1. Start Shouting Fire – Many businesses are too inward looking. They don’t listen enough to their clients or know enough about their competitors. An inward-facing mentality can breed complacency, even arrogance. As a leader you need to show your people that the need for change is urgent. If there is not a pressing commercial or operational “fire” in your business (and there normally is) you might need to start it yourself.

2. Get the right people involved, at the right time, during the process –  change often starts with one or two people, but making it stick is not a solo sport. To get things going you need to get enough people involved with the expertise and credibility required. And ensure they are working as a team. Change Management is like getting a car started when it’s bogged down in the mud. You need a coordinated, sustained push with as many people involved as you can rope in.

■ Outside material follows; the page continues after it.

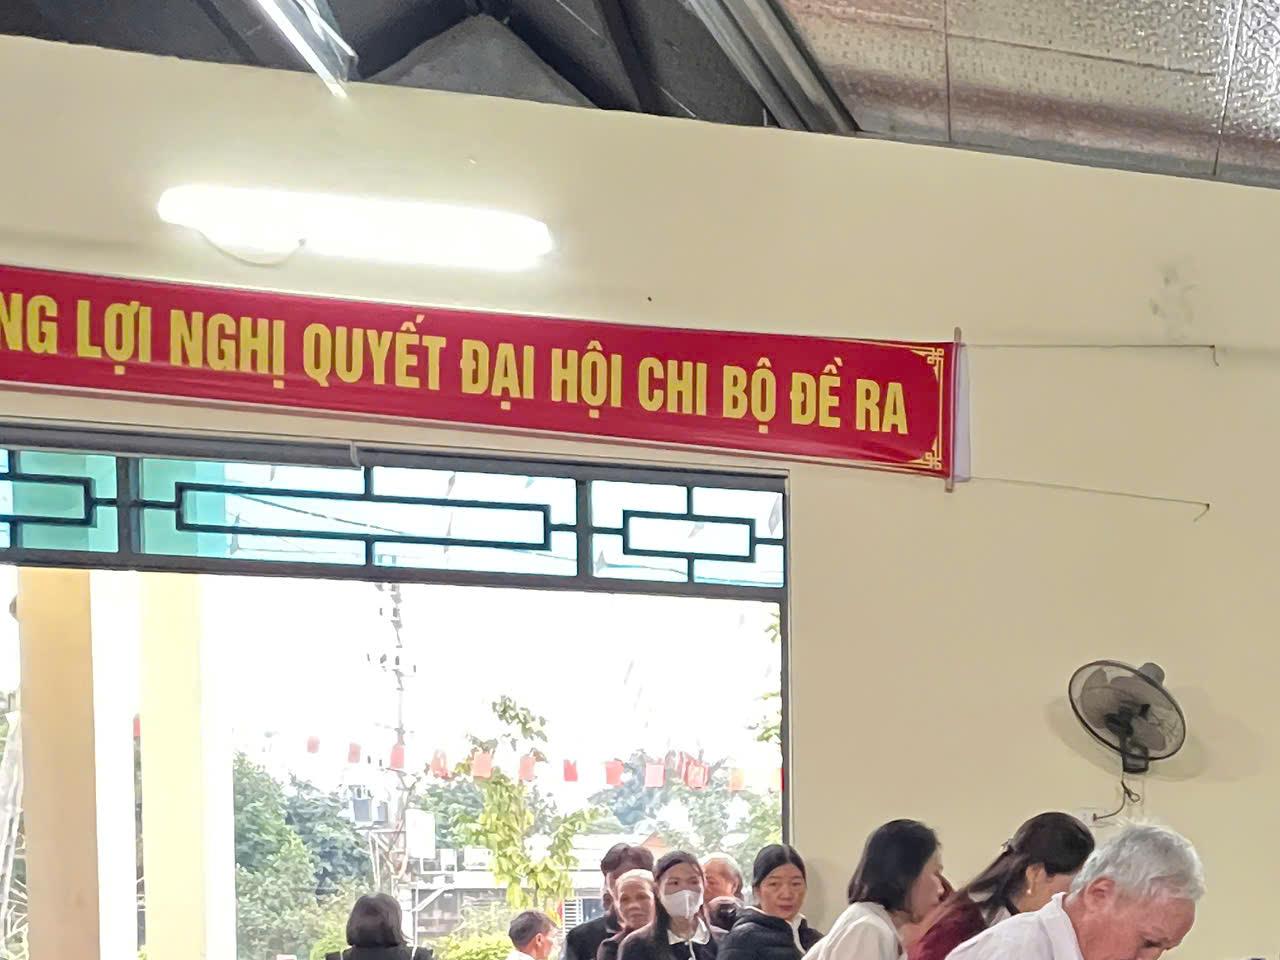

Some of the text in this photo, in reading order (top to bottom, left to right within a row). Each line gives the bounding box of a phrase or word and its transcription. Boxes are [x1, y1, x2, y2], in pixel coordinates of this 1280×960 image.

[0, 291, 908, 434] NG LỢI NGHỊ QUYẾT ĐẠI HỘI CHI BỘ ĐỀ RA
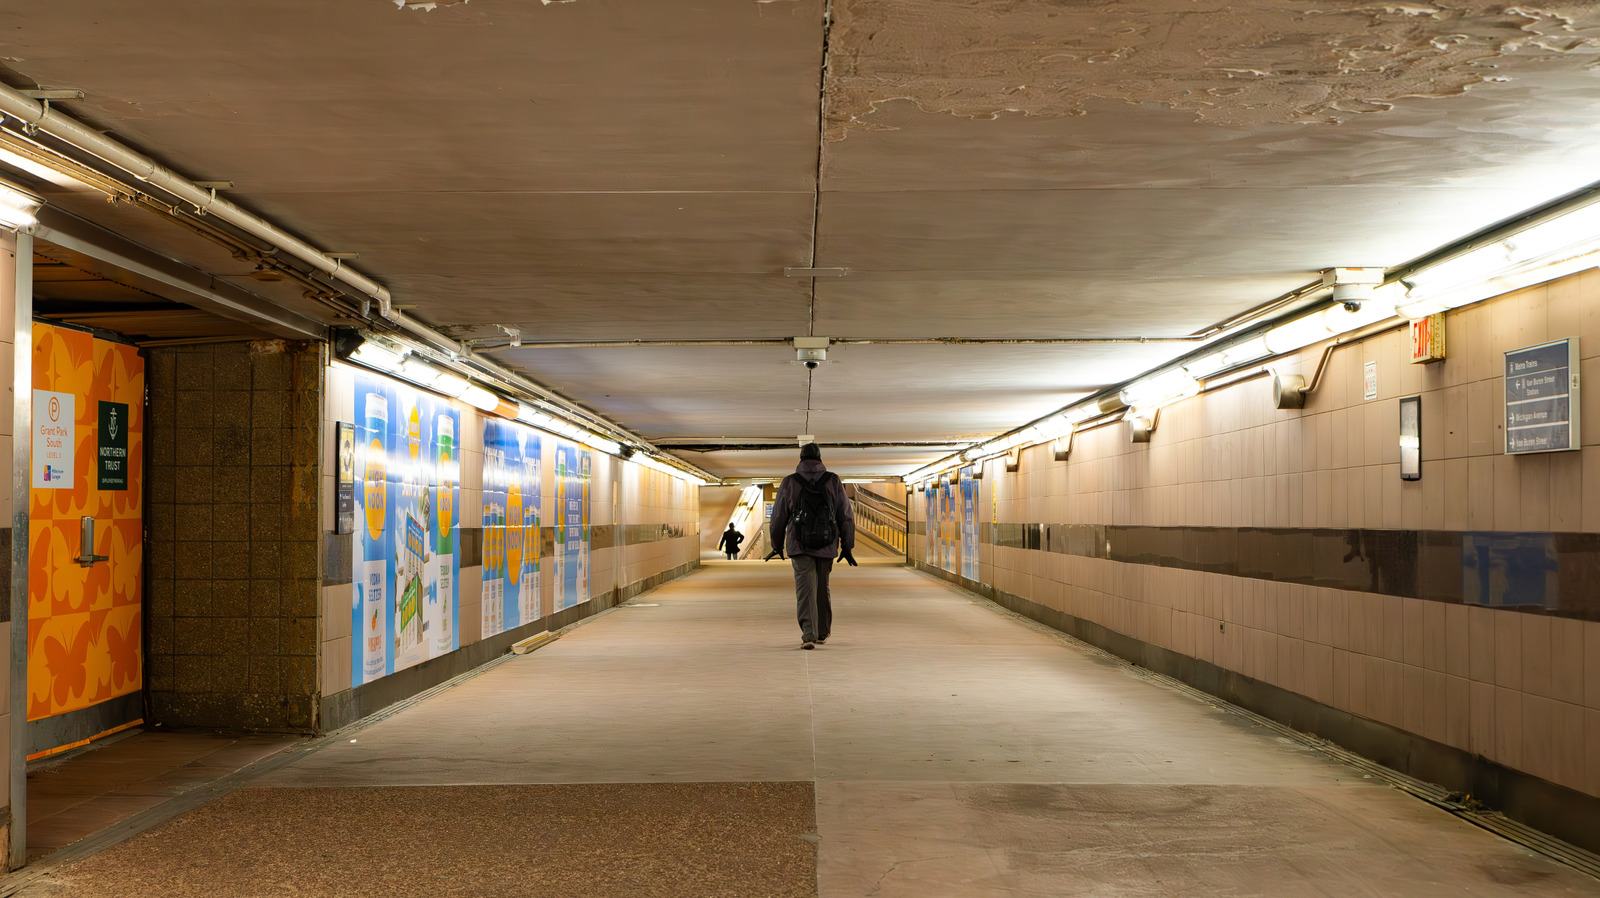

3. Develop a Clear Inspirational Purpose – if it’s not there already start with a rigorous and collaborative development process to find this, then add specific objectives. Anything less is a recipe for confusion and apathy.

4. Communicate, communicate, and then communicate again – It is amazing how many businesses do not communicate effectively. Try this as a test: ask six team members what the fundamental purpose of your business is and see how different their replies are. You might be surprised.

5. Empower Your People – Make sure your team can grab the purpose and make it happen. But empowerment is pointless if it’s just a word. Take a look at your systems, structures and skill levels to make sure the sort of behaviour you want is even possible in your business.

6. Plan for some short term wins – Change is painful and difficult at times and it needs a sustained effort; timelines are normally not weeks but months and even years. To show your team the late nights are worth it make sure the changes you are bringing about delivers short term wins along the way.